Littérature : le pouvoir des livres

Article publié le 24 avril 2015
Article publié le 24 avril 2015

Les livres ont le pouvoir de faire voyager le lecteur, de réveiller des émotions et de suggérer des images. Celui aussi de créer des conflits et de rappeler à l'ordre. D'enraciner une idéologie ou de la remplacer. En définitive, ils parviennent à ne pas laisser indifférent celui qui se plonge dans leur lecture et s'en délecte.

« L'entreprise des chevaliers errants consiste, comme disait Don Quichotte, à "venger les injures, secourir et à venir en aide aux opprimés" ». C'est avec ces mots que l'écrivain Juan Goytisolo a exprimé la semaine dernière ses remerciements en recevant le Prix Cervantès pour l'ensemble de son parcours littéraire. Il faisait ainsi référence à une image qu'il avait en tête : celle de l'Hidalgo « chevauchant Rossinante » avec la lance en pointée face à la corruption, à l'expulsion des sans abris ou aux grilles pointues de Ceuta et Melilla.
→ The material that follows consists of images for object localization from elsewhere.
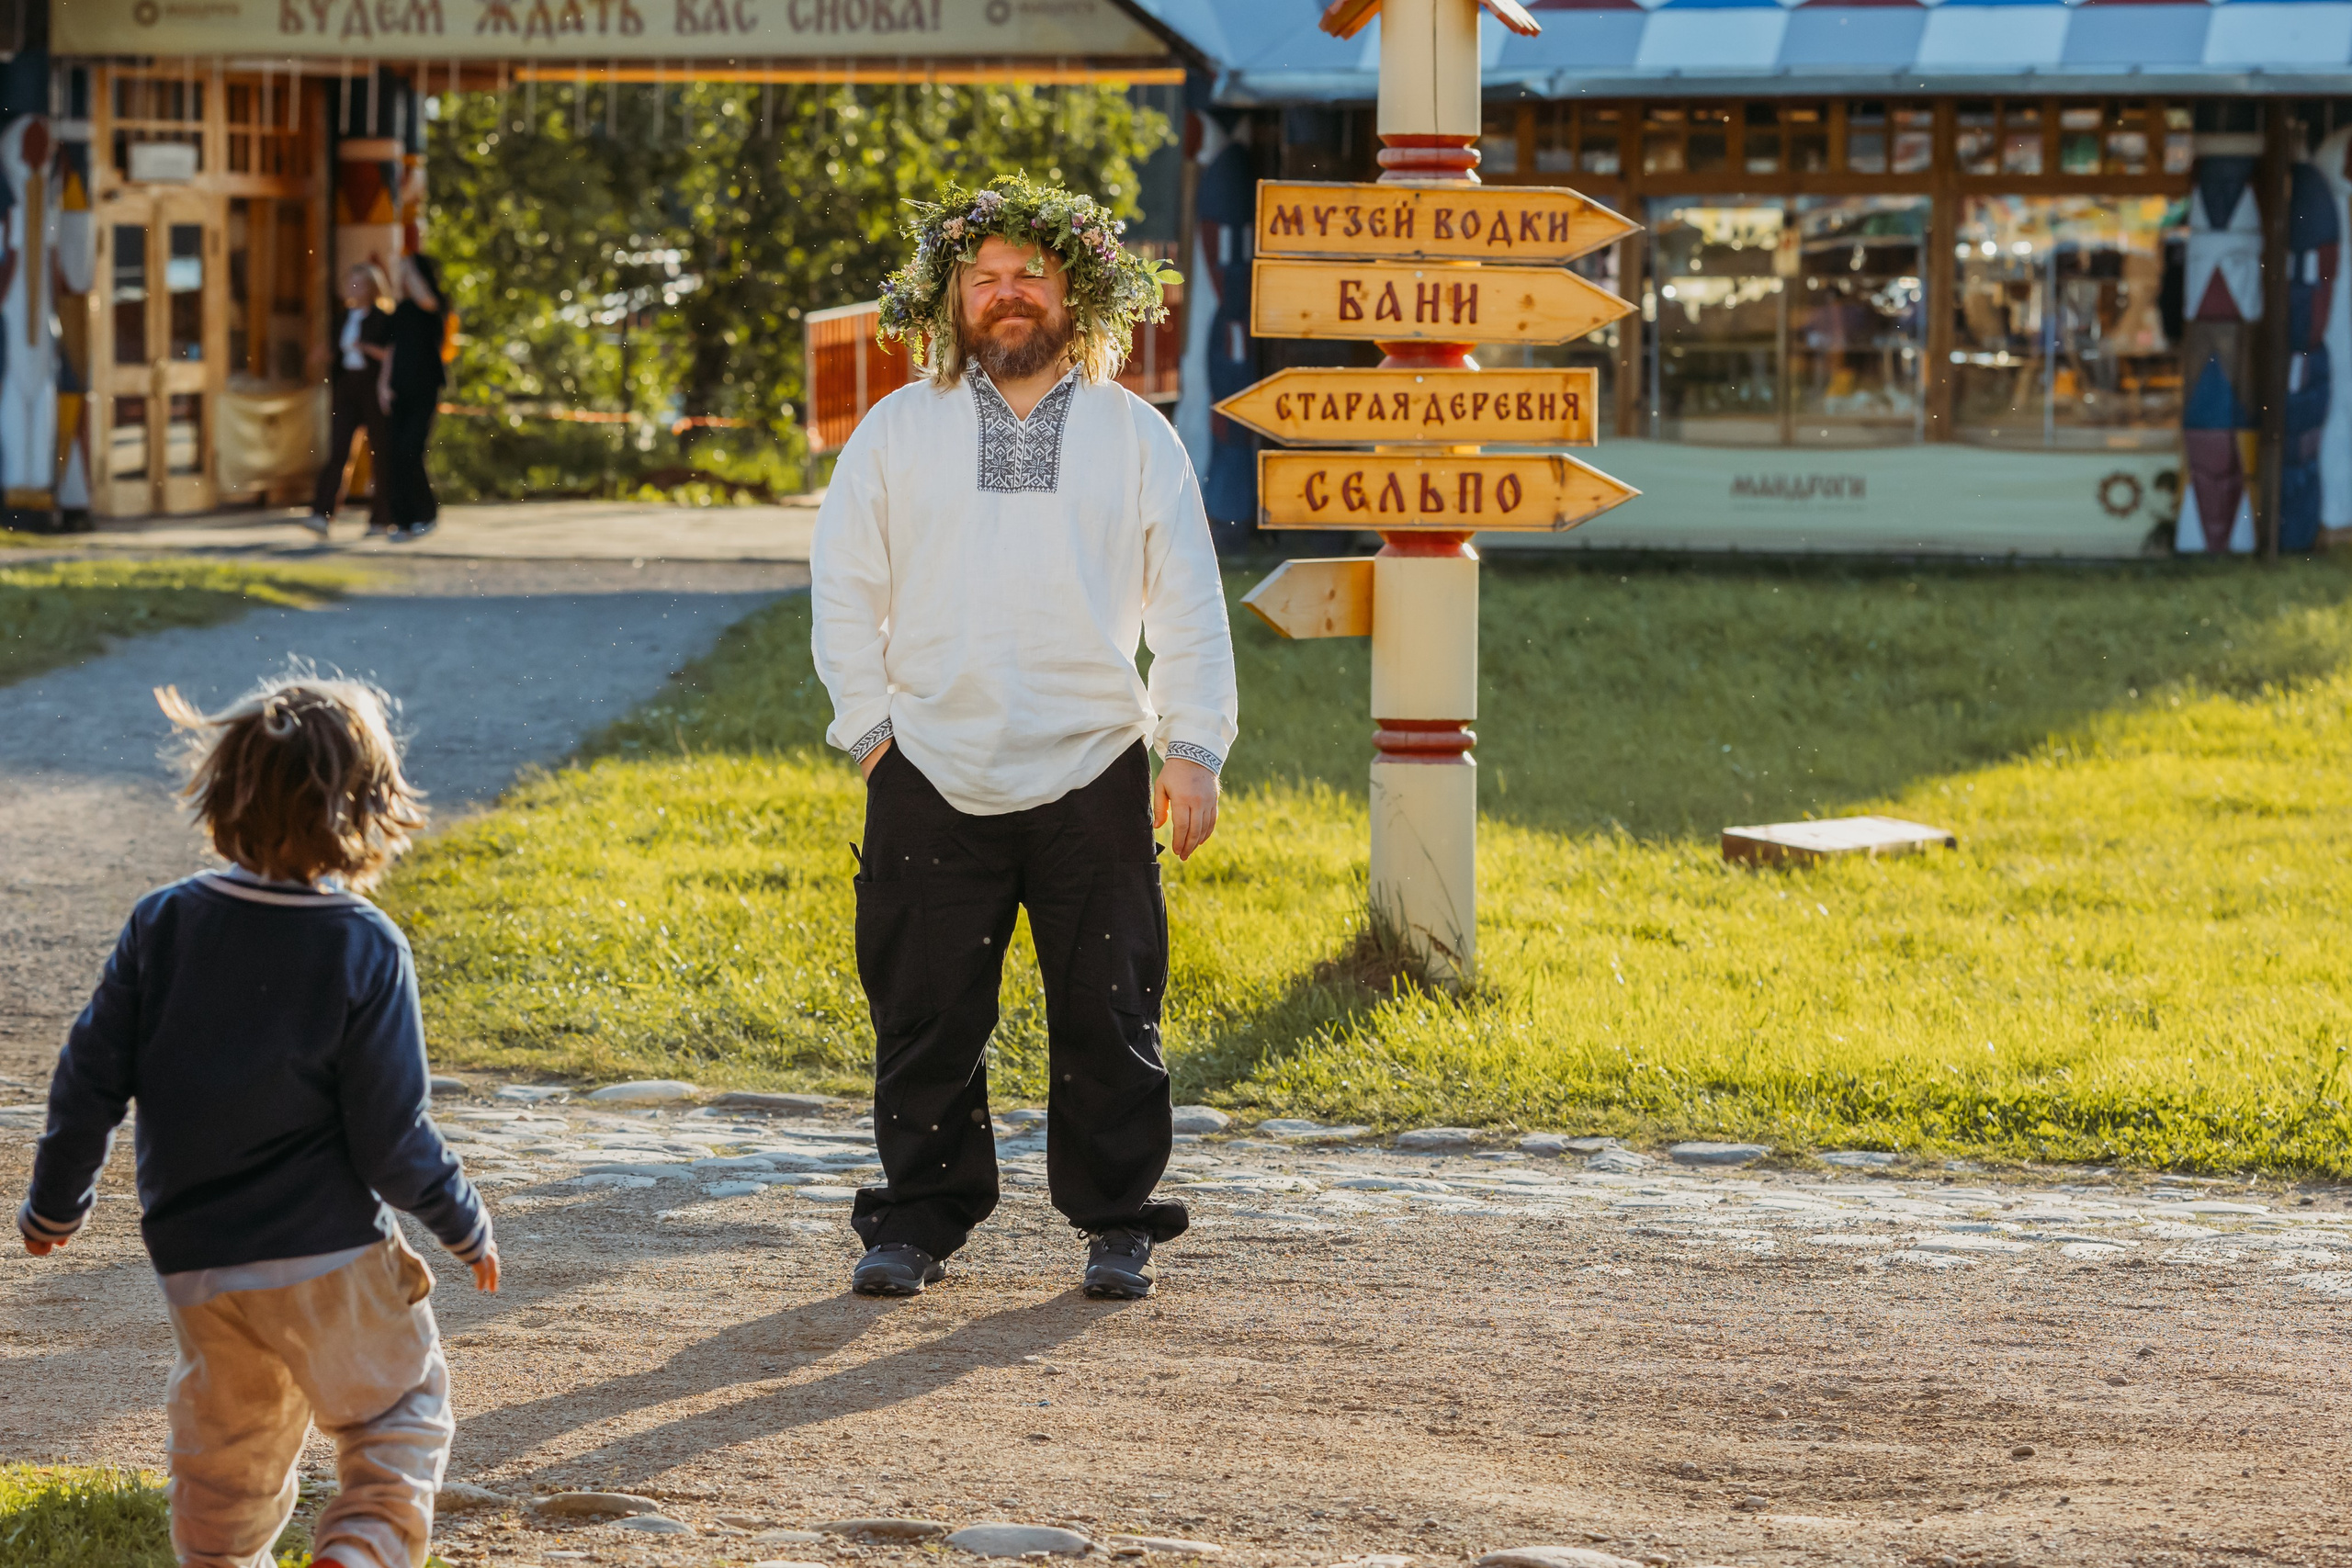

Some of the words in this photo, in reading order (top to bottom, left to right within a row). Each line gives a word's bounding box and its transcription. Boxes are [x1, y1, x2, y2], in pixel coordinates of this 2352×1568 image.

[277, 0, 446, 43] БУДЕМ
[473, 0, 645, 44] ЖДАТЬ
[673, 0, 759, 36] ВАС
[1269, 201, 1414, 238] МУЗЕЙ
[1433, 208, 1569, 248] ВОДКИ
[1339, 279, 1478, 324] БАНИ
[1275, 391, 1411, 422] СТАРАЯ
[1422, 392, 1580, 426] ДЕРЕВНЯ
[1305, 470, 1522, 514] СЕЛЬПО
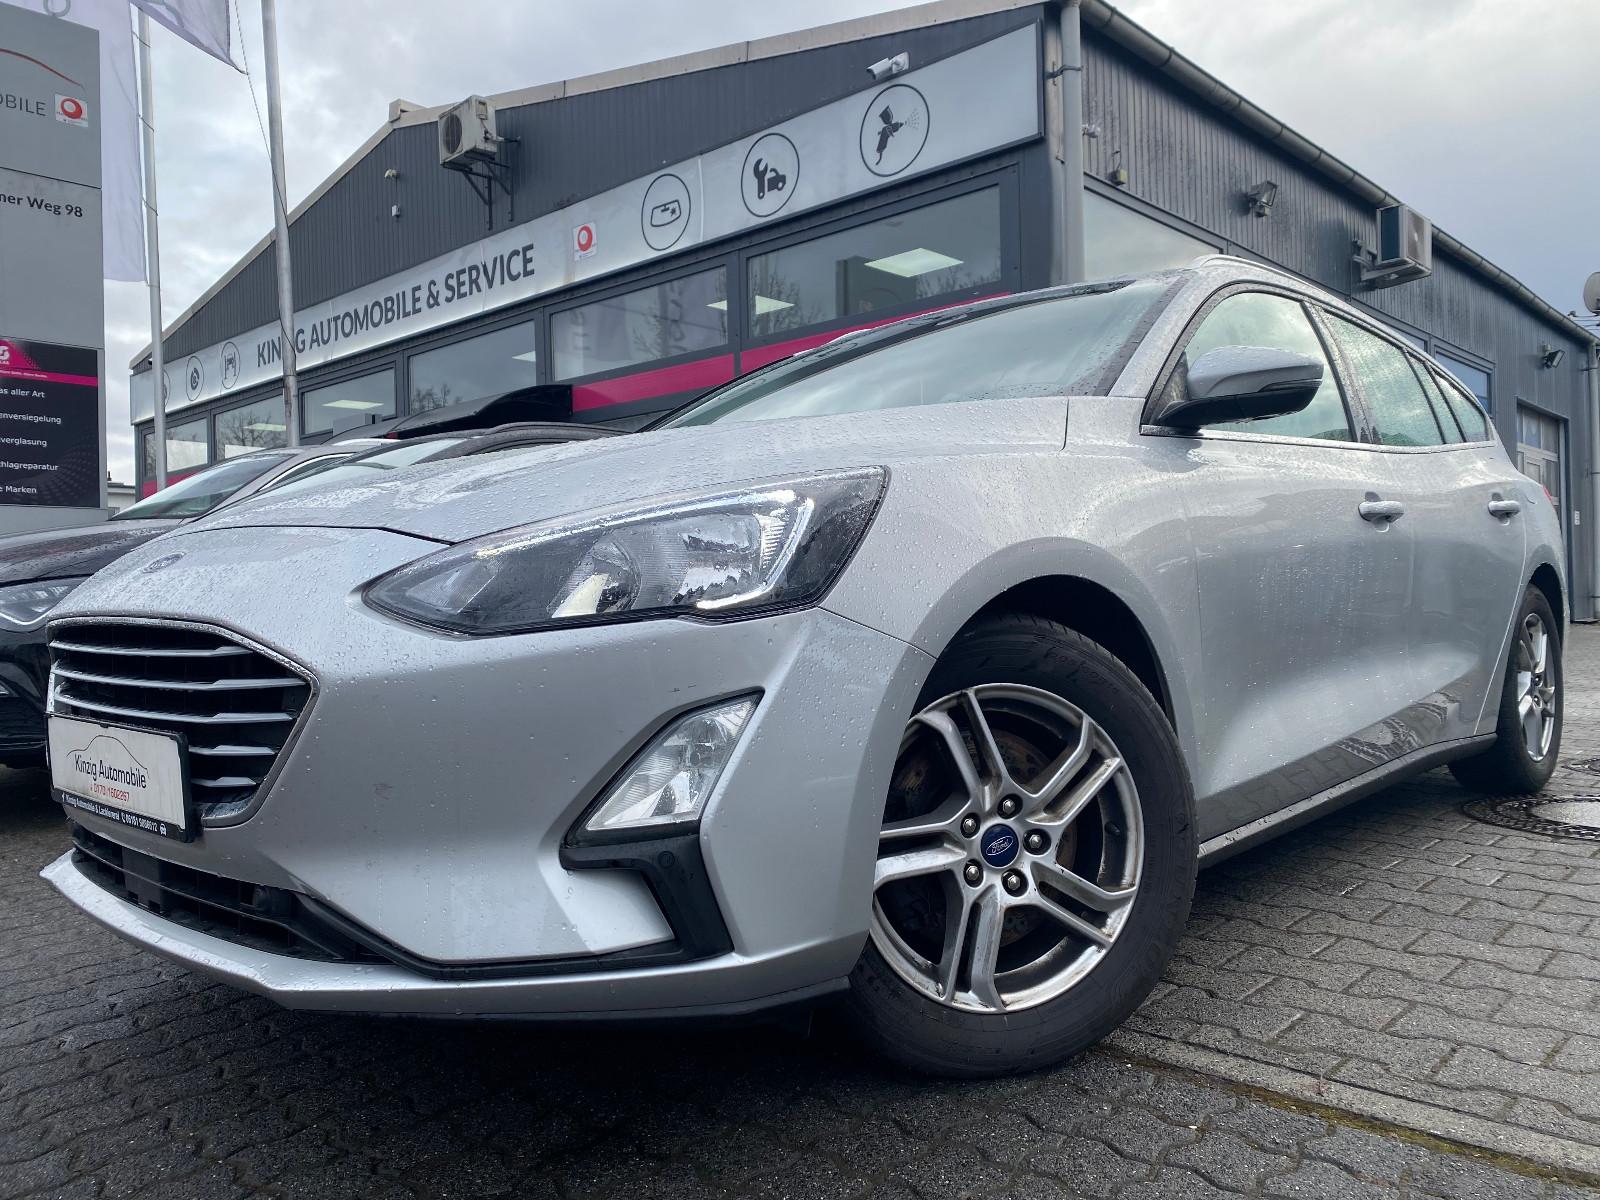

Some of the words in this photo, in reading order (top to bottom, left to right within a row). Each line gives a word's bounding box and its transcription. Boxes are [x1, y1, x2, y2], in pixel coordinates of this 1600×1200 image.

[26, 195, 61, 215] Weg
[65, 204, 83, 218] 98
[256, 327, 306, 368] KING
[309, 284, 423, 351] AUTOMOBILE
[426, 279, 441, 309] &
[444, 243, 535, 303] SERVICE
[10, 388, 30, 396] aller
[31, 390, 46, 398] Art
[5, 485, 37, 493] Marken
[74, 753, 97, 781] Kinzig
[99, 759, 147, 789] Automobile
[991, 838, 1010, 854] Ford
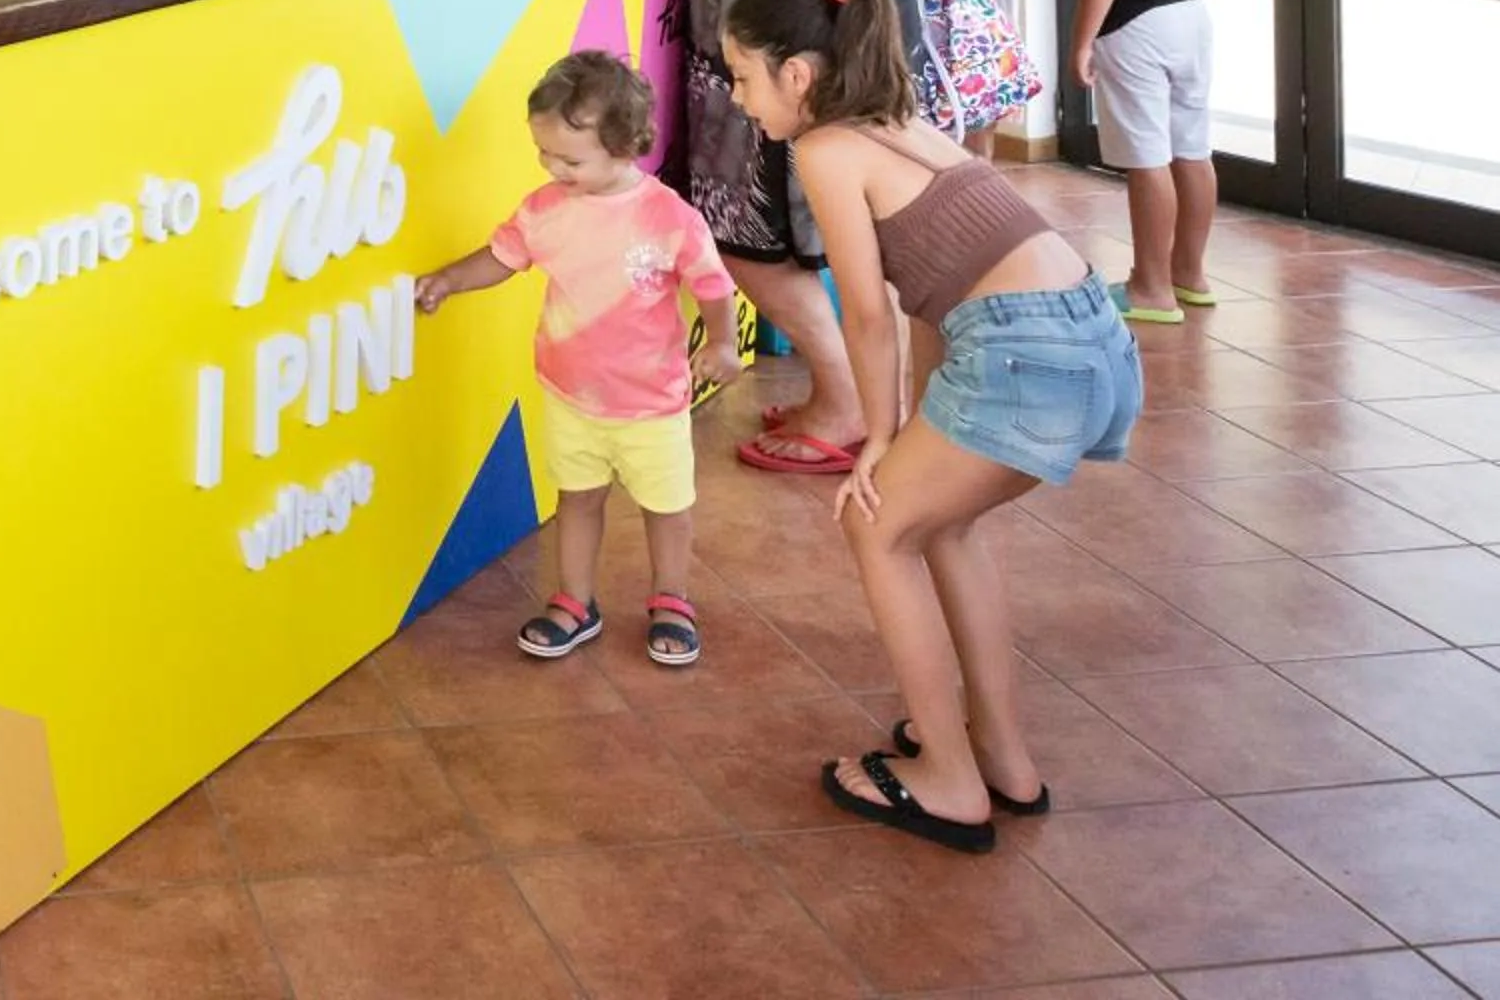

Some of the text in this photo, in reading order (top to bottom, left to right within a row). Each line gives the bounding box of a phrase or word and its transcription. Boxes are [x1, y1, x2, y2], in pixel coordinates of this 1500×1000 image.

[138, 174, 201, 244] to
[220, 64, 407, 308] hu
[195, 273, 416, 490] I PINI
[237, 460, 375, 571] village
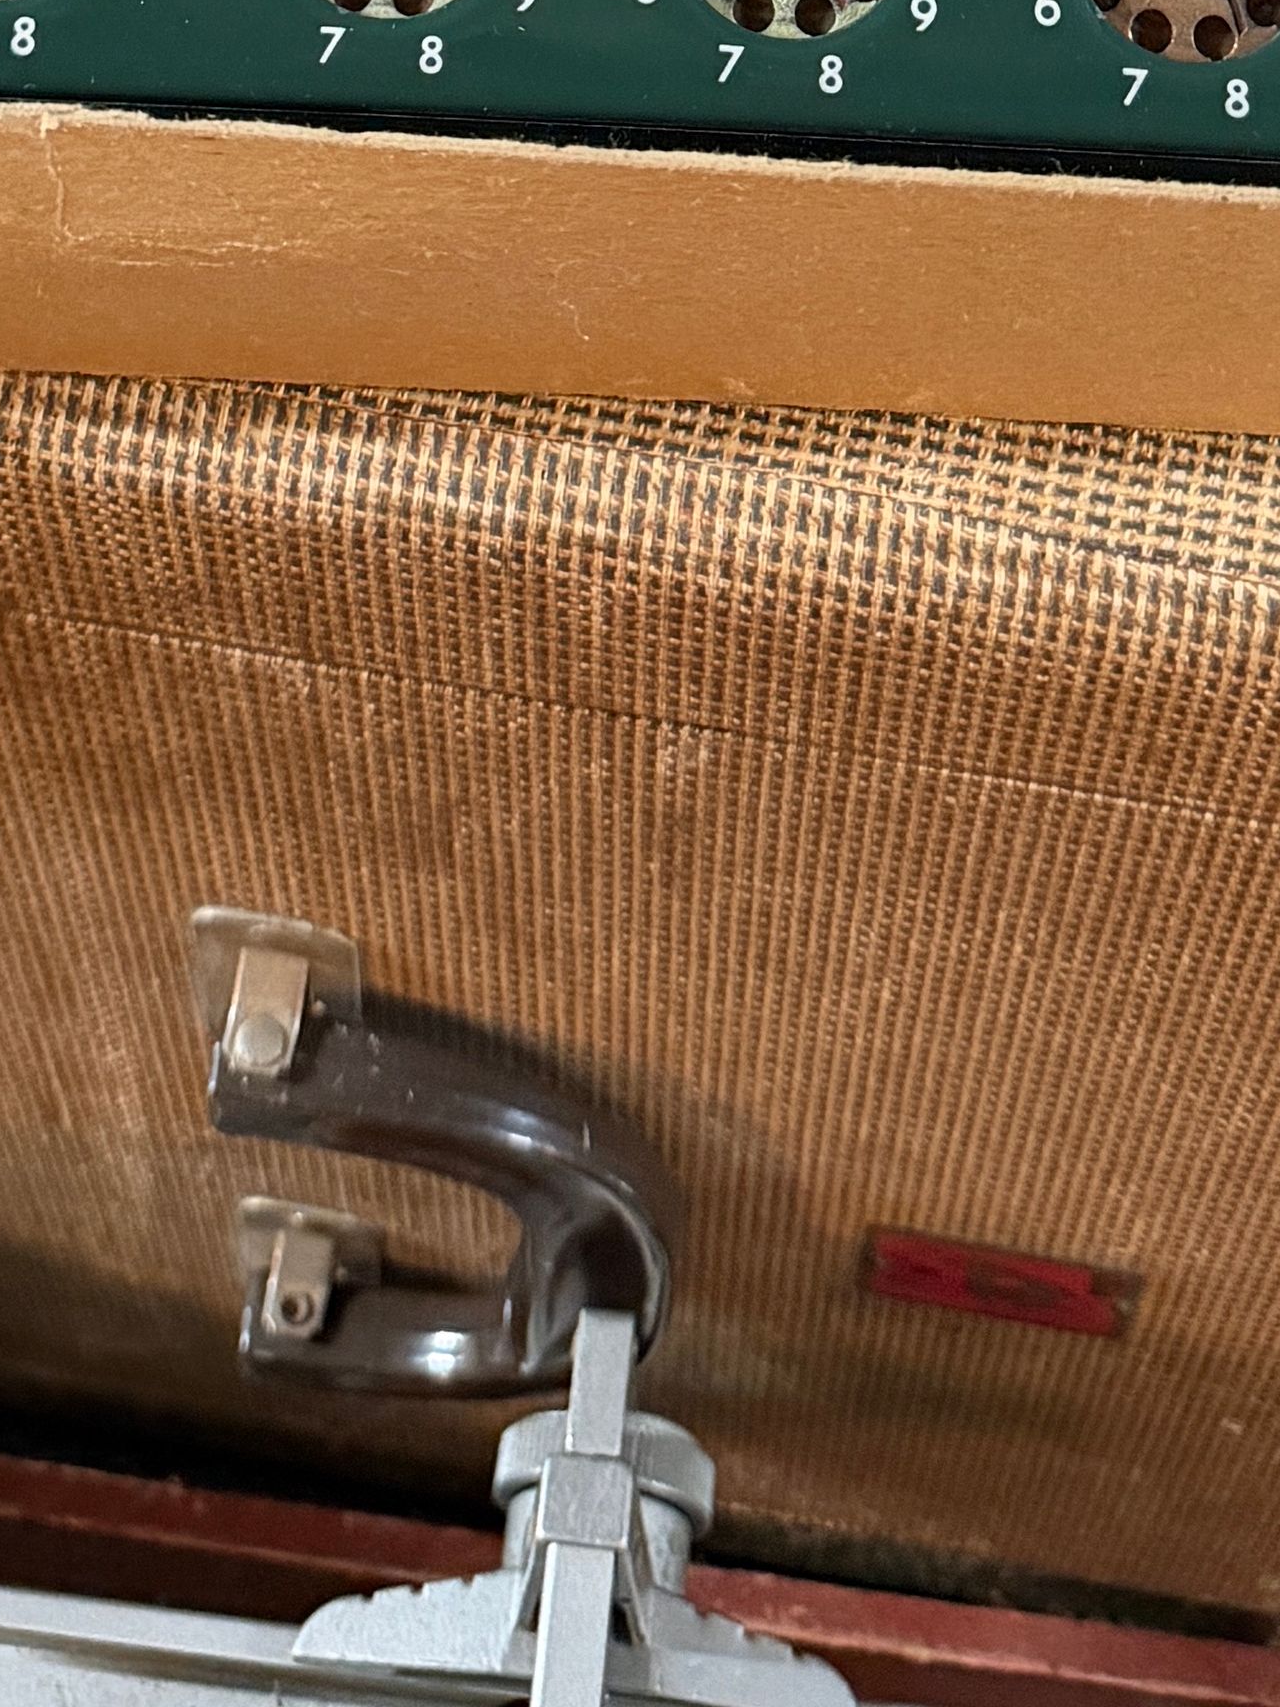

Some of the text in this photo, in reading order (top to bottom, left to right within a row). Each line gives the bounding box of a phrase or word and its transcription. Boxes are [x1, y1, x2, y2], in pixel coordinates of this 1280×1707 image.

[10, 16, 36, 56] 8
[319, 26, 346, 64] 7
[419, 35, 443, 75] 8
[718, 44, 745, 83] 7
[818, 54, 843, 94] 8
[1122, 67, 1149, 106] 7
[1224, 78, 1250, 119] 8
Il s'agissait là d'une déclaration d'intention motivée par un livre devenu le pillier de son oeuvre : L'Ingénieux Hidalgo Don Quichotte de la Manche, de Cervantès. Dans son discours prononcé lors de la cérémonie de remise, l'écrivain a cité à plusieurs reprises celui qu'il considère comme son « premier auteur ». Celui qui l'a marqué et qui lui a permis de donner forme à une certaine figure du justicier dans la littérature, devenue le fil rouge de son travail.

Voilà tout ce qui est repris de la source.